We have added MTU=9000 line to all private interconnect network interfaces. I have 2 interfaces on each server for interconnect communication. According to the Highly Available IP (HAIP) FAQ for Release 11.2 (Doc ID 1664291.1) and Private IP Interface Configuration Requirements (oracle.com) Oracle’s best practice is to use unbonded, unteamed NICs, without any additional layers of virtualization for private interconnect communication with multiple interfaces .

[root@blt05 ~]# cat /etc/sysconfig/network-scripts/ifcfg-ens5f0
...
MTU=9000
...
[root@blt05 ~]# cat /etc/sysconfig/network-scripts/ifcfg-ens5f1
...
MTU=9000
...
[root@blt06 ~]# cat /etc/sysconfig/network-scripts/ifcfg-ens5f0
...
MTU=9000
...
[root@blt06 ~]# cat /etc/sysconfig/network-scripts/ifcfg-ens5f0
...
MTU=9000
...

In most cases, if the database isn’t heavily loaded, this setting should resolve the “gc block losses” issue.

In our case, after implementing jumbo frames for interconnect communication, we saw a significant reduction in “gc block lost” events, though they didn’t disappear completely. Given my tendency towards what Gaja Krishna Vaidyanatha refers to as “Compulsive Tuning Disorder” (a term introduced in the book Oracle Insights: Tales of the Oak Table by Apress in 2004), I wasn’t fully satisfied and aimed to further enhance network throughput through additional tweaks in all OSI Model Layers.

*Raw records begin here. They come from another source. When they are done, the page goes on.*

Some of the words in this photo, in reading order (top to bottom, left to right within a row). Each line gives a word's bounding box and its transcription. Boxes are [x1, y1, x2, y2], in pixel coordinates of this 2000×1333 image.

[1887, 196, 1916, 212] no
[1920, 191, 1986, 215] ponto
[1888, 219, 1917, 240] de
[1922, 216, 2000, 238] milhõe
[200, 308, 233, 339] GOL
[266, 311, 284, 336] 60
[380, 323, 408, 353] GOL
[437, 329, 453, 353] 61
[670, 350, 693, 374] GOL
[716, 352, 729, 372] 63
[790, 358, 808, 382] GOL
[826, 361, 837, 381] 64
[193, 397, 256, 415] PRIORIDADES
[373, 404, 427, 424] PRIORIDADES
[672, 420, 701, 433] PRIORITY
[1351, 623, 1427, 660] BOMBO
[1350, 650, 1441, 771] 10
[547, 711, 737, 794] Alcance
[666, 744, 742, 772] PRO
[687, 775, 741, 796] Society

By the way, compulsive tuning disorder is not a good habit. Christian Antognini describes this illness as below in “Troubleshooting Oracle Performance”.

The signs of this illness were the excessive checking of many performance-related statistics, most of them ratio-based, and the inability to focus on what was really important. They simply thought that by applying some “simple” rules, it was possible to tune their databases. History teaches us that results were not always as good as expected. Why was this the case? Well, all the rules used to check whether a given ratio (or value) was acceptable were defined independently of the user experience. In other words, false negatives or positives were the rule and not the exception. Even worse, an enormous amount of time was spent on these tasks.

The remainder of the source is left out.